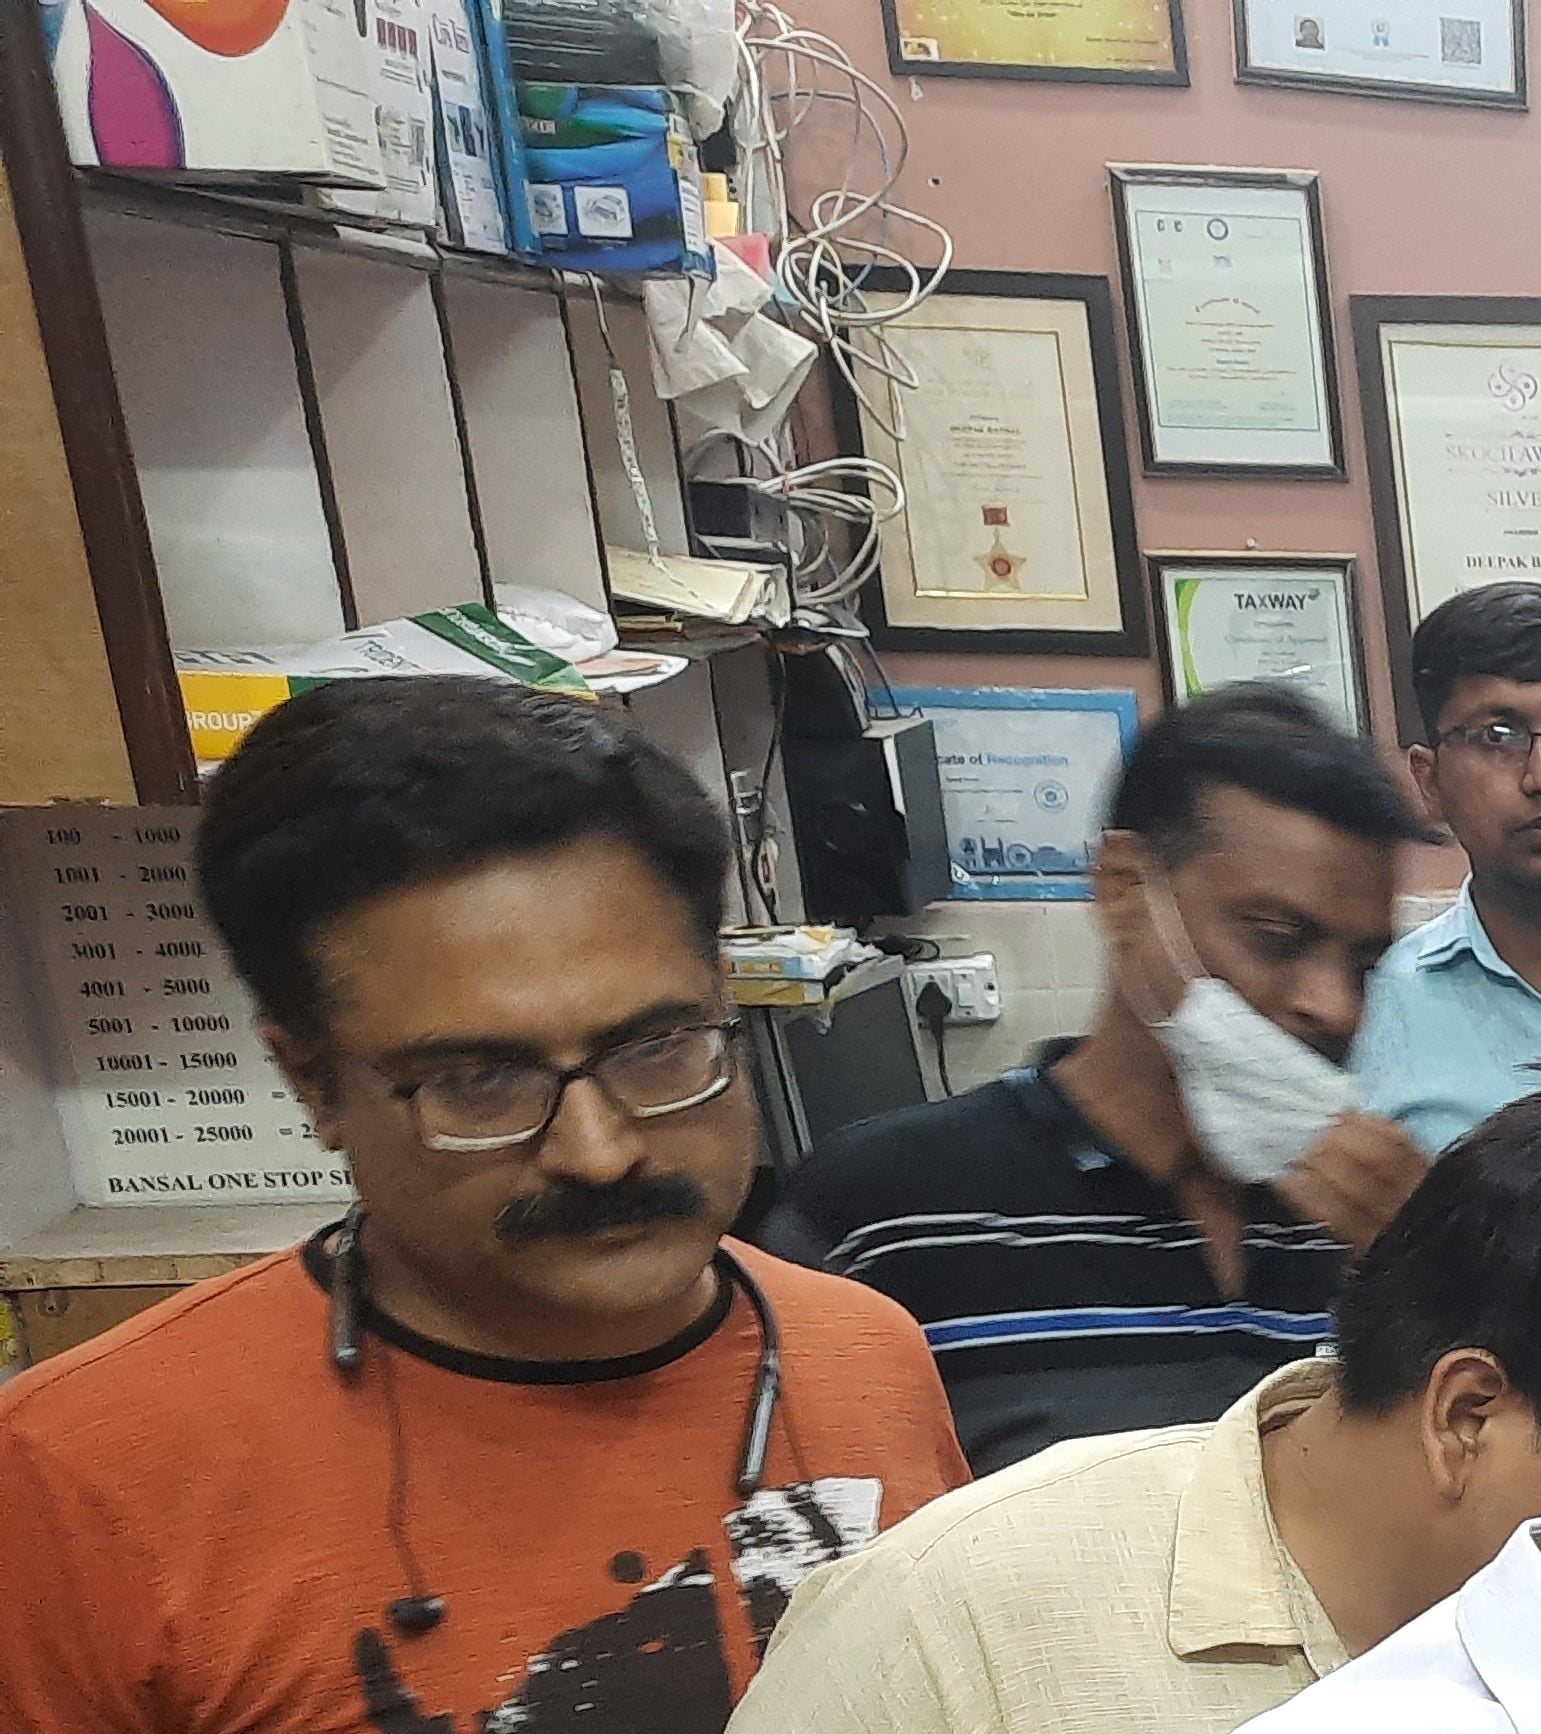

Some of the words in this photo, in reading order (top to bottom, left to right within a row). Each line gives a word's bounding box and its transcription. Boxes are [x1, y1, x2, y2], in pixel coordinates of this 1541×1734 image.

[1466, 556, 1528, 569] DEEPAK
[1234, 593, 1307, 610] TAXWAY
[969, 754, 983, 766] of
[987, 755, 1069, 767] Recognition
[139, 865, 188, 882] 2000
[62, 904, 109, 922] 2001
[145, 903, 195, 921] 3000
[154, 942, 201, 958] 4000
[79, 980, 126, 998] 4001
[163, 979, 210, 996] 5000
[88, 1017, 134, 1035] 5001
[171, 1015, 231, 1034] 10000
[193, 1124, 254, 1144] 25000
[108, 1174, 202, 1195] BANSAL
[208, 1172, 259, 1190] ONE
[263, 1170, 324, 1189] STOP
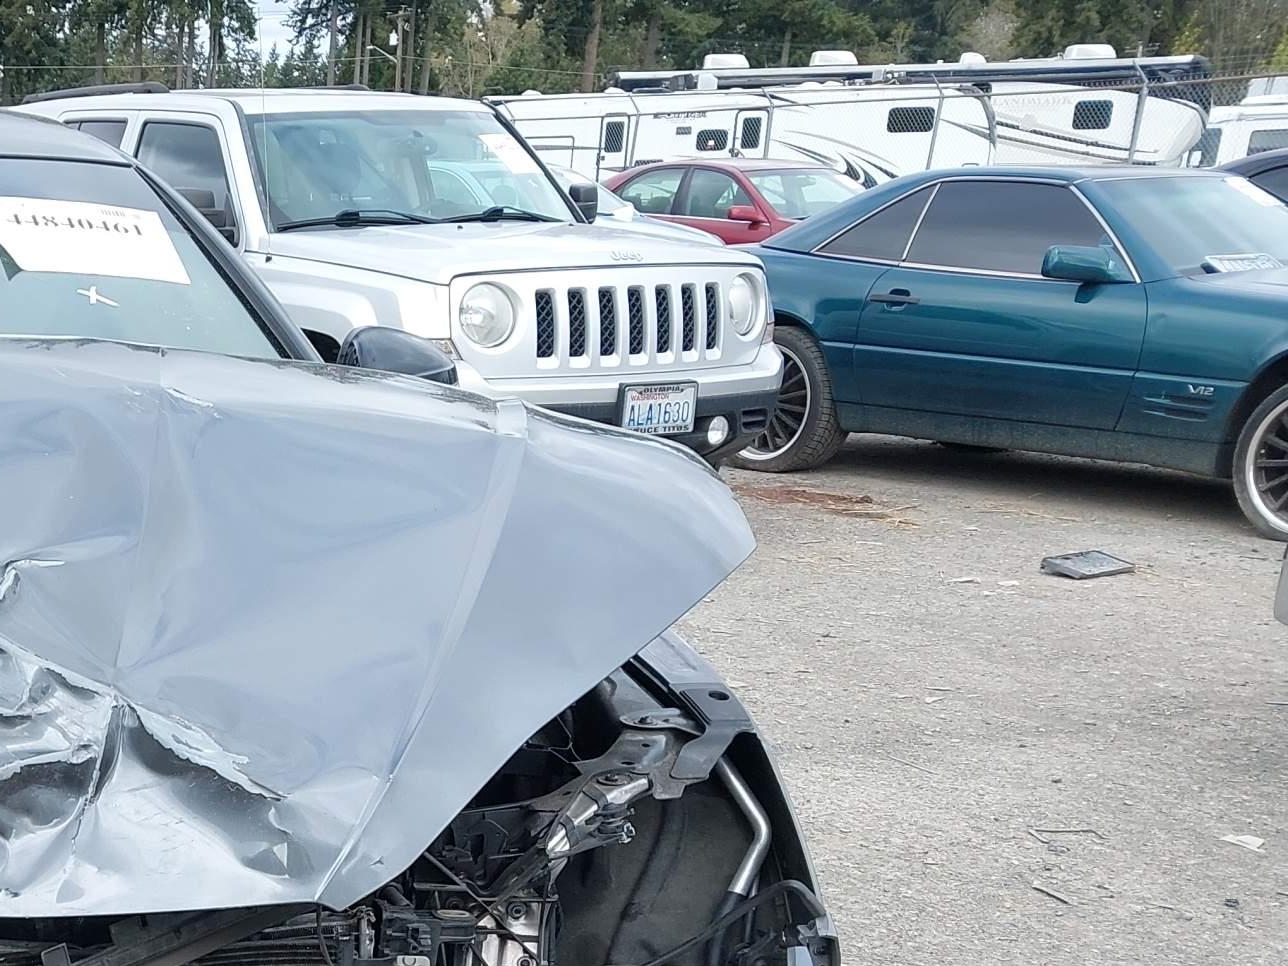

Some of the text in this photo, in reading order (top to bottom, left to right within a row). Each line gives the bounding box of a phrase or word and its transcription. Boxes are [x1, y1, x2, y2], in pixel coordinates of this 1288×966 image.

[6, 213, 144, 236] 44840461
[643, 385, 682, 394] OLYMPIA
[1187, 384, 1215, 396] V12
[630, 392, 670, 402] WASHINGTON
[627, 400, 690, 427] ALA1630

■ ■ ■ ■ ■

WHAT THE TASK REQUIRES - Please print the data above once more, exactly and without images.

YOUR SOLUTION -
Some of the words in this photo, in reading order (top to bottom, left to right within a row). Each line gives a word's bounding box and its transcription. Boxes are [x1, y1, x2, y2], in pixel coordinates of this 1541×1734 image.

[1466, 556, 1528, 569] DEEPAK
[1234, 593, 1307, 610] TAXWAY
[969, 754, 983, 766] of
[987, 755, 1069, 767] Recognition
[139, 865, 188, 882] 2000
[62, 904, 109, 922] 2001
[145, 903, 195, 921] 3000
[154, 942, 201, 958] 4000
[79, 980, 126, 998] 4001
[163, 979, 210, 996] 5000
[88, 1017, 134, 1035] 5001
[171, 1015, 231, 1034] 10000
[193, 1124, 254, 1144] 25000
[108, 1174, 202, 1195] BANSAL
[208, 1172, 259, 1190] ONE
[263, 1170, 324, 1189] STOP

Some of the text in this photo, in reading order (top to bottom, left to right within a row). Each line gives the bounding box of a phrase or word and its transcription. Boxes are [x1, y1, x2, y2], in pixel coordinates of this 1288×966 image.

[6, 213, 144, 236] 44840461
[643, 385, 682, 394] OLYMPIA
[1187, 384, 1215, 396] V12
[630, 392, 670, 402] WASHINGTON
[627, 400, 690, 427] ALA1630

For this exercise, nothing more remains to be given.